Brian told me to use 2 strips of paper, folding them in half, then inserting them so the seams are opposite each other. For sanding flat surfaces, this gave me four sanding surfaces and I got two strong edges for sanding the grooves and tight radius contours. With the paper wet, having the rough side of the paper under myu palm helped keep my hand from sliding off the paper. Go slow in the tight radius areas and contours to keep the edges crisp and avoid rounding them off. In the tighest areas, I used a small flat blade screw driver to crack the paint off. The blade is thicker than the paint scraper so it doesn’t gouge or scratch the plastic.
I wet sanded using 220 grit to start. I stripped the clear coat, color coat and primer coats until I started to take off the next to last primer coat. Then, using 400 grit, I stripped the next to last primer coat. This left a smooth surface so hopefully I wFon’t have as much sanding to get the new primer coats smooth. We shall see.
I found a used R90S bullet fairing with mounting hardware and windscreen on eBay for a good price, so I picked this up and added it to the stack of parts to strip.
I saved the gas tank and subframe for last and used aircraft stripper to get the paint off. I found that process was less labor intensive than sanding. I found it took several applications of the stripper following each with a paint scrapper to get the loosened paint off. The color coats and top primer coats would bubble up, but the lower primer layers required use of a paint scraper to get them off as all the stripper would do was soften them, not lift them.
After the paint was removed, I took a dremel tool to grind out any cracks that had developed in the plastic parts. Then, I used fiberglass resin to fill in the ground out areas so they won’t crack again. Any cracks will grow cracking the pain. The other impact is they also will soak up the paint and develop blisters, so you need be sure you get all of them ground out and filled.
After the resin had cured, I sanded the area where fibreglass resin had spread on the surface near the crack. Then I used spot putty to fill in low spots and to smooth out and level the fiberglass resin filler in the cracks.
You need to keep the putty layers thin. It usually hardens in about 3o mins. I lightly sanded with 400 grit to smooth it out and if I needed another layer, added it. This part of the prepartion is fussy work, but getting the surfaces smoothed out as much as you can goes a long way to having a high quality paint finish, so take your time.
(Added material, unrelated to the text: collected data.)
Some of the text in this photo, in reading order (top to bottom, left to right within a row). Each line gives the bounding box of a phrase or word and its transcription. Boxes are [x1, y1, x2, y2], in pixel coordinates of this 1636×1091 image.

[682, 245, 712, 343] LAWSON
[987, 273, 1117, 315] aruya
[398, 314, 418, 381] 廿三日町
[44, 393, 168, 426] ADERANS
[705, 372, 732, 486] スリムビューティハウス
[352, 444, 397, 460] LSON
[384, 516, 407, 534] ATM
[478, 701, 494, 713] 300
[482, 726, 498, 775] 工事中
I had a small crack in the dashboard of the R90S fairing between the cutouts for the two instruments. Again, I used fiberglass resin on the back to fix the crack. I found the fairing had been painted over the top of the original paint, so there was a lot more sanding required. Along the seam at the bottom of the wind screen the paint build up was quite thick so I took it down to the plastic using the folded sandpaper sandwich.
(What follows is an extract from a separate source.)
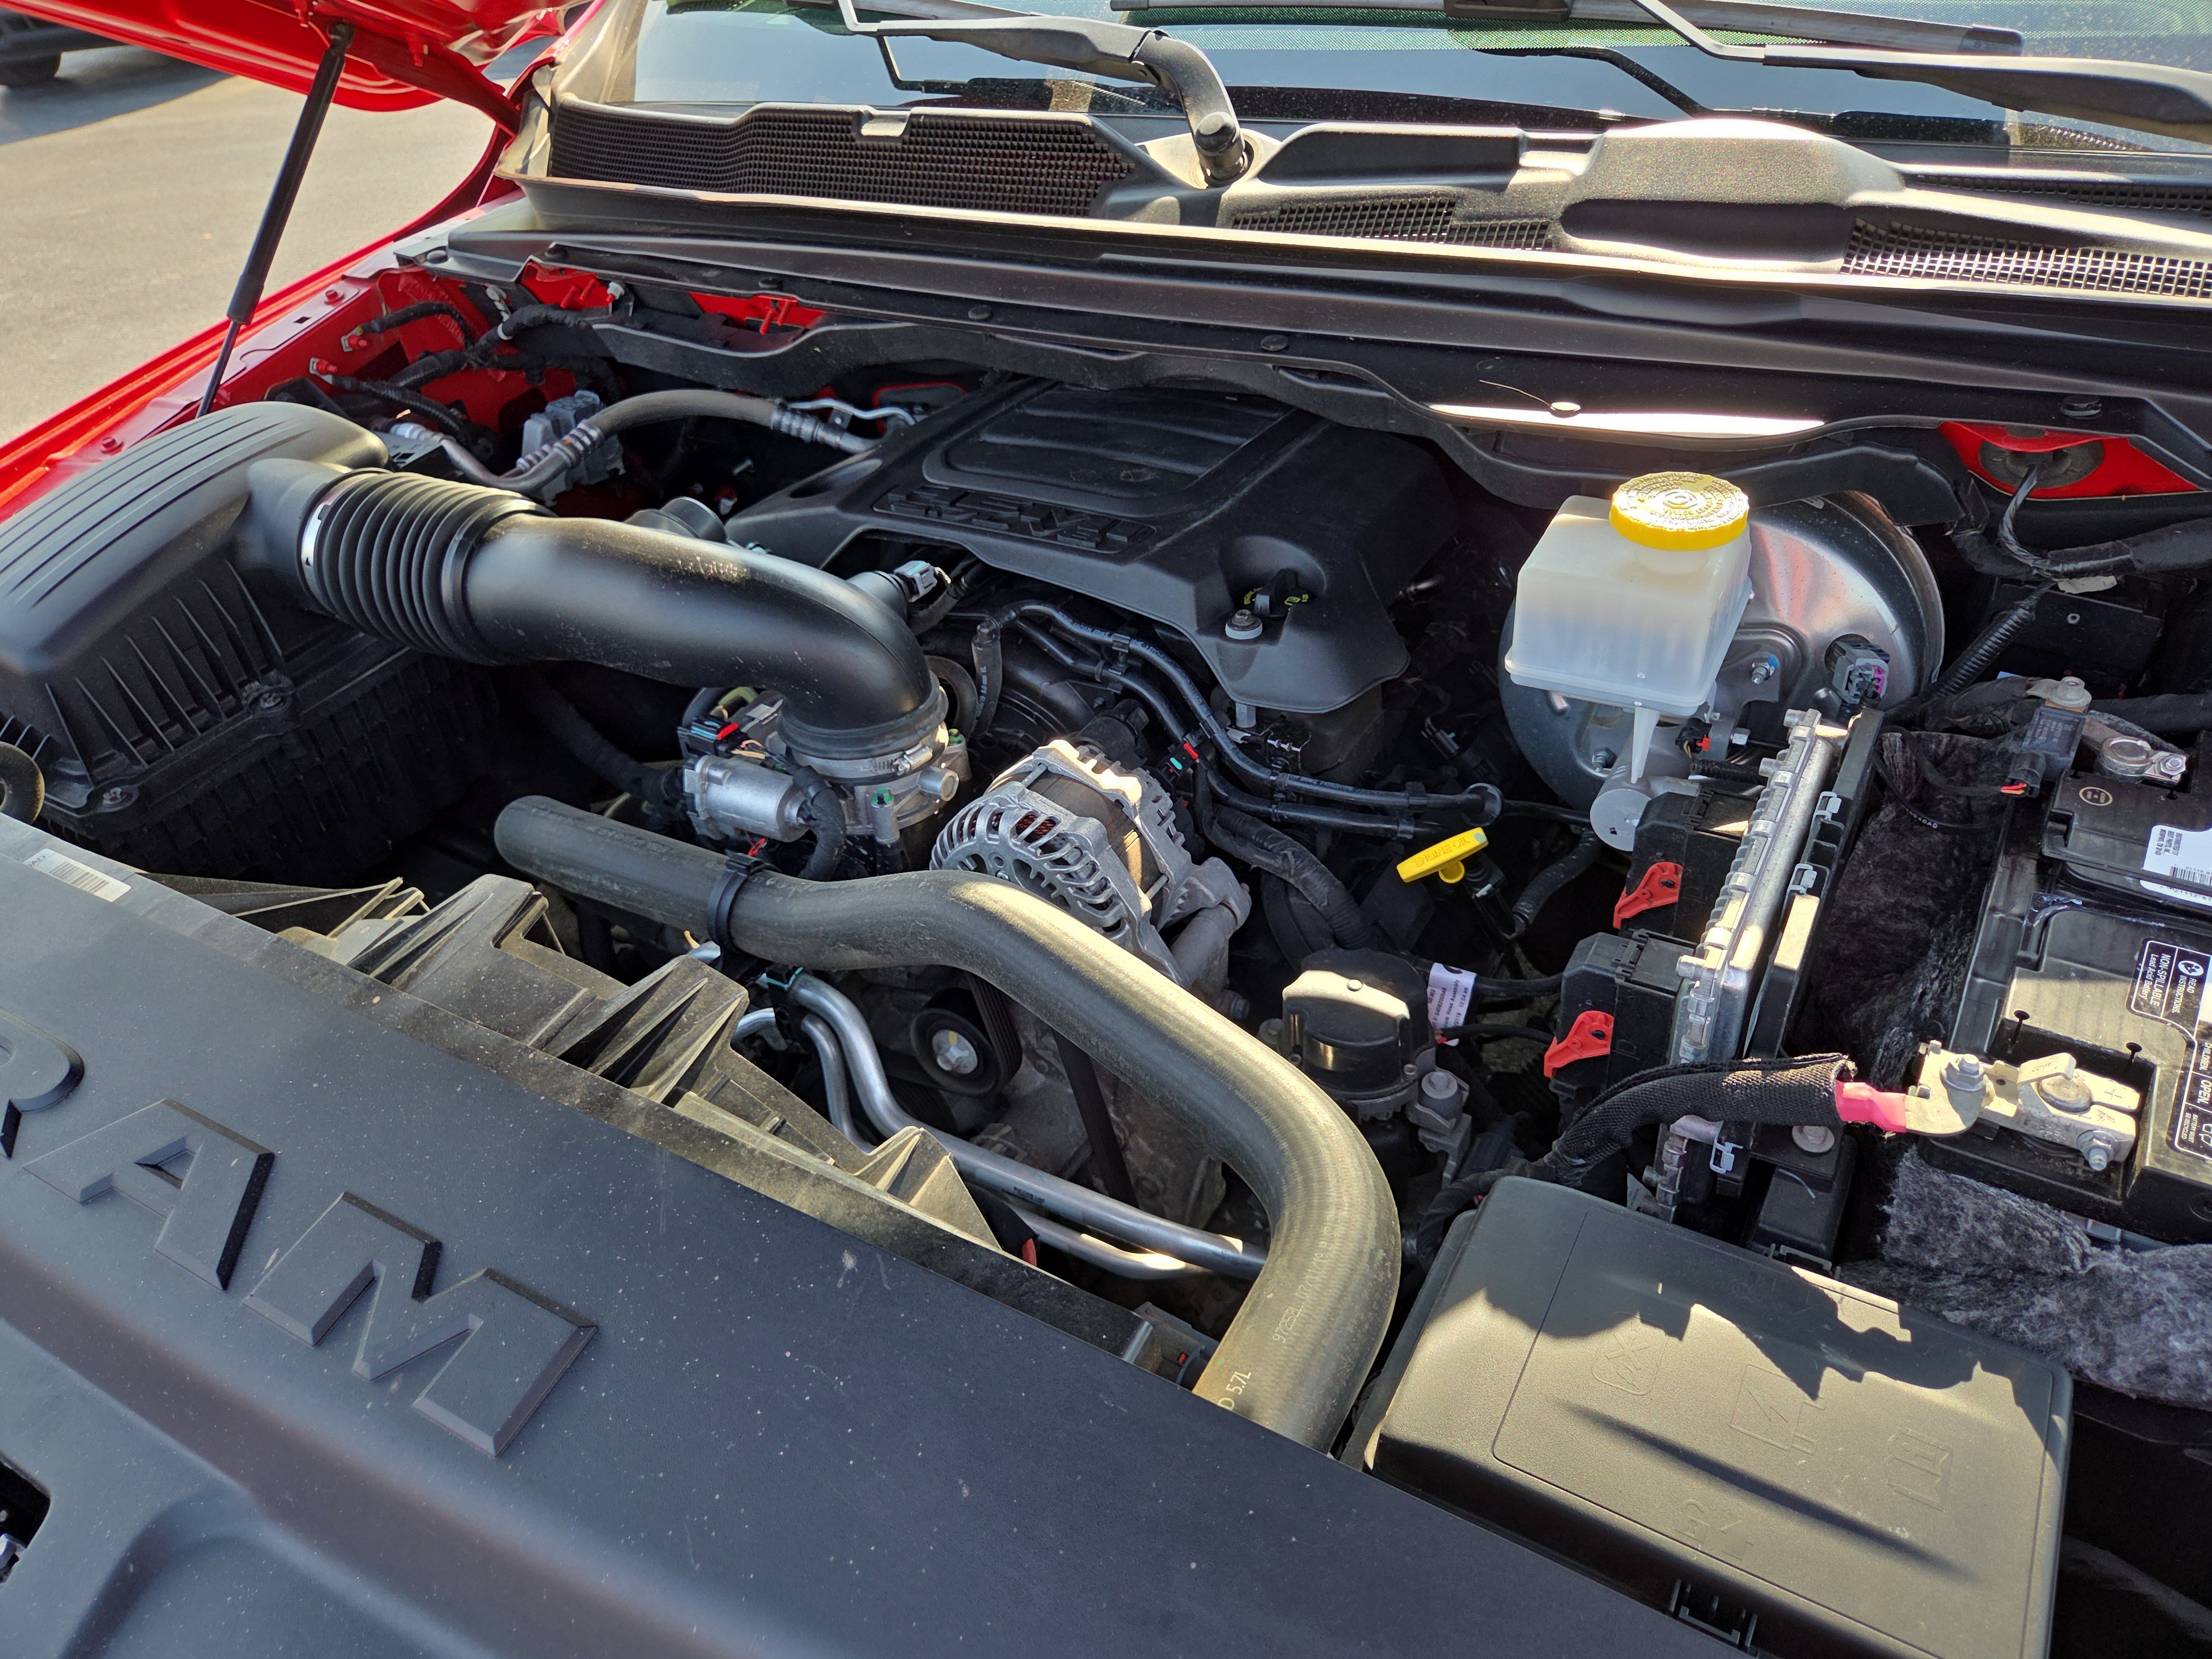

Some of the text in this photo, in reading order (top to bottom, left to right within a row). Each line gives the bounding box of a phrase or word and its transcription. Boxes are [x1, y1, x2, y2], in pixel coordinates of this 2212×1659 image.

I estimate it took me about 30 hours to do the preparation for two fenders, two side covers, a gas tank and the bullet fairing. Patience is a virtue when it comes to preparing parts for painting. By the way, your finger tips are very sensitive and good measuring tools to feel high and low spots. Use them to check your spot putty filled areas as you sand them. If you can’t feel the edge you have it feathered into the surrounding surface correctly.